**Action item**
Reproduce the whole listing, keeping each word unchanged.
══════════════════════════════
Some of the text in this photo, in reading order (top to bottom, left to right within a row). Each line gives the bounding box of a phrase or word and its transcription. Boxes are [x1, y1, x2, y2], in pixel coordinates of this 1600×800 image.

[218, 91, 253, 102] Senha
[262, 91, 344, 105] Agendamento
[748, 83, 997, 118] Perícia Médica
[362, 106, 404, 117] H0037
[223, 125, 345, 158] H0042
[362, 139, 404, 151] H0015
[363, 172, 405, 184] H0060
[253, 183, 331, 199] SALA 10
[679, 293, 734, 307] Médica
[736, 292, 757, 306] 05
══════════════════════════════
**Result of the task**
Some of the text in this photo, in reading order (top to bottom, left to right within a row). Each line gives the bounding box of a phrase or word and its transcription. Boxes are [x1, y1, x2, y2], in pixel coordinates of this 1600×800 image.

[218, 91, 253, 102] Senha
[262, 91, 344, 105] Agendamento
[748, 83, 997, 118] Perícia Médica
[362, 106, 404, 117] H0037
[223, 125, 345, 158] H0042
[362, 139, 404, 151] H0015
[363, 172, 405, 184] H0060
[253, 183, 331, 199] SALA 10
[679, 293, 734, 307] Médica
[736, 292, 757, 306] 05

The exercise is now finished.